START THE DATA

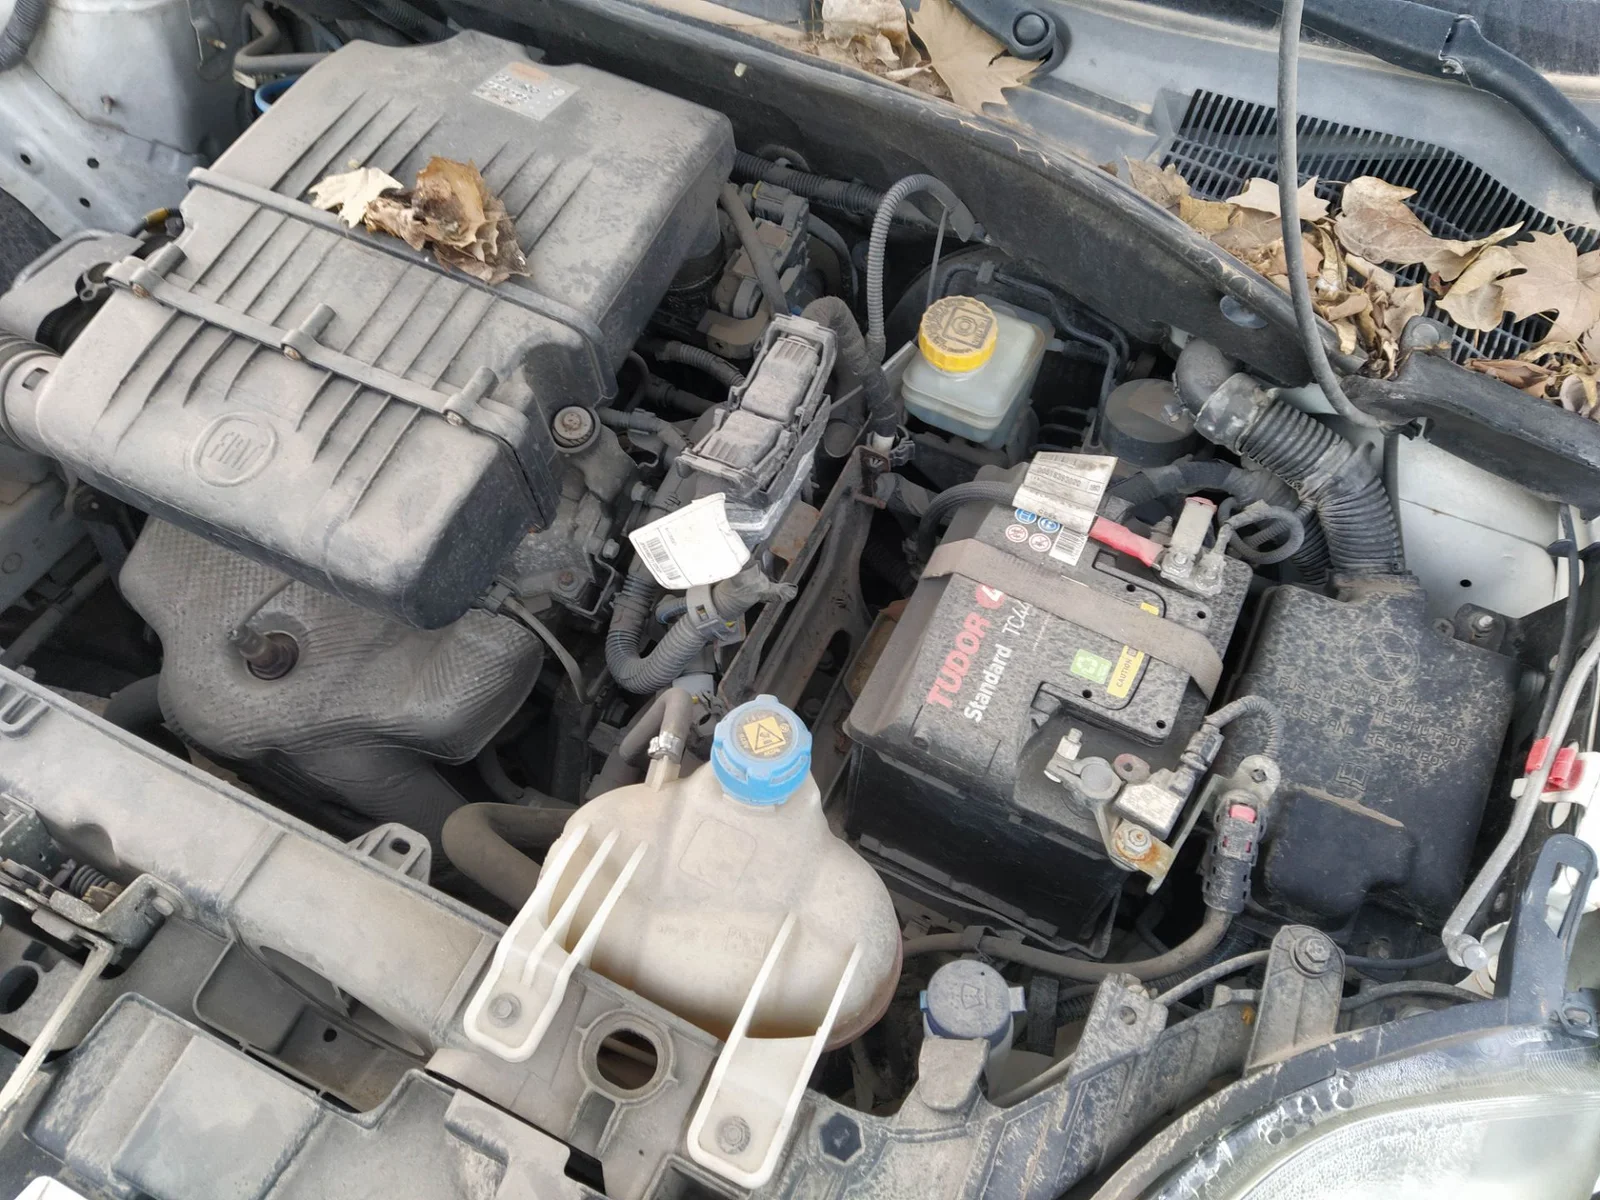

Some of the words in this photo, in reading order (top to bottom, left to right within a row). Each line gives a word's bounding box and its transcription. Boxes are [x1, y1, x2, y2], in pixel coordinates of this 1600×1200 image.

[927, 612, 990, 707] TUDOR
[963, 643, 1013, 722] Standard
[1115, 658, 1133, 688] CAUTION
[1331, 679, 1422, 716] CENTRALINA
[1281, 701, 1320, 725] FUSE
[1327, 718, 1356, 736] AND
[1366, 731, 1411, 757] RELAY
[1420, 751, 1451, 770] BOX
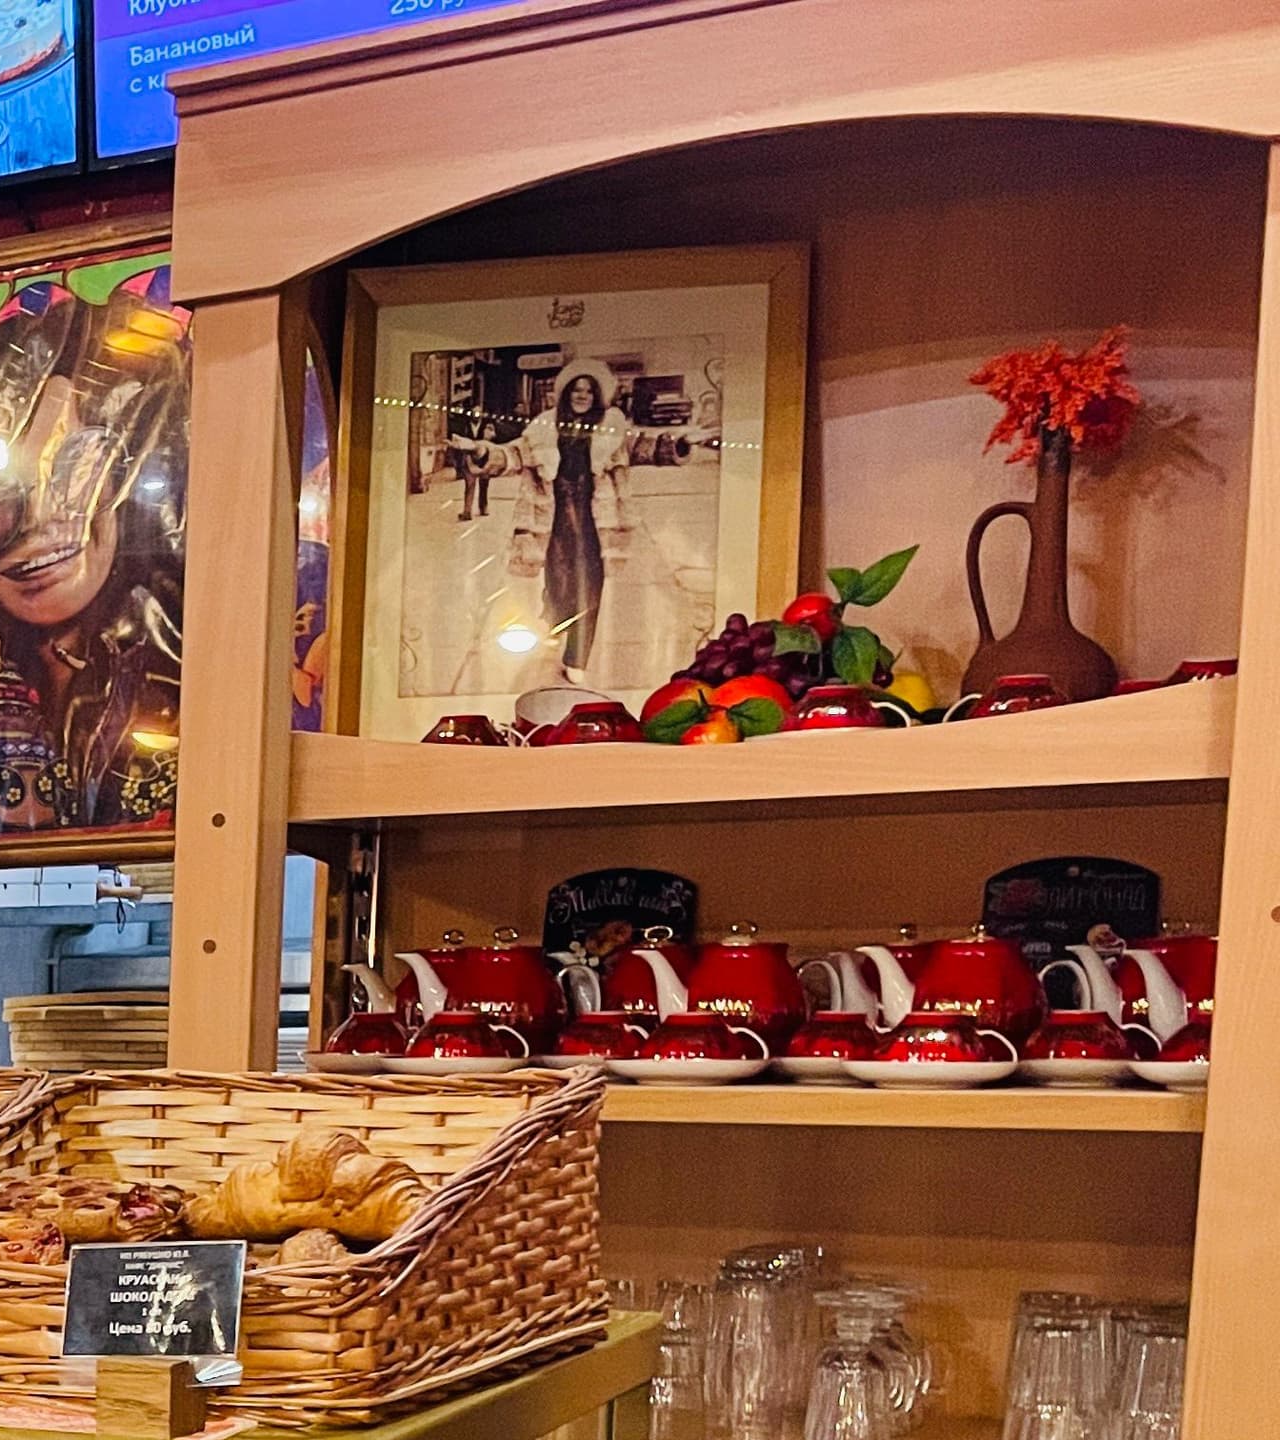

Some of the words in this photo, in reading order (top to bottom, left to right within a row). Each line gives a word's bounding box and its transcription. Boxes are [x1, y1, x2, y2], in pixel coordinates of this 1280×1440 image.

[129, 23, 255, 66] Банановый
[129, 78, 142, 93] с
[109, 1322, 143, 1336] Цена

END THE DATA

**ABOUT THIS EXERCISE:**
Write out the data above precisely. Pictures stay out.

**EXERCISE RESULT:**
Some of the words in this photo, in reading order (top to bottom, left to right within a row). Each line gives a word's bounding box and its transcription. Boxes are [x1, y1, x2, y2], in pixel coordinates of this 1600×1200 image.

[927, 612, 990, 707] TUDOR
[963, 643, 1013, 722] Standard
[1115, 658, 1133, 688] CAUTION
[1331, 679, 1422, 716] CENTRALINA
[1281, 701, 1320, 725] FUSE
[1327, 718, 1356, 736] AND
[1366, 731, 1411, 757] RELAY
[1420, 751, 1451, 770] BOX

Some of the words in this photo, in reading order (top to bottom, left to right within a row). Each line gives a word's bounding box and its transcription. Boxes are [x1, y1, x2, y2], in pixel coordinates of this 1280×1440 image.

[129, 23, 255, 66] Банановый
[129, 78, 142, 93] с
[109, 1322, 143, 1336] Цена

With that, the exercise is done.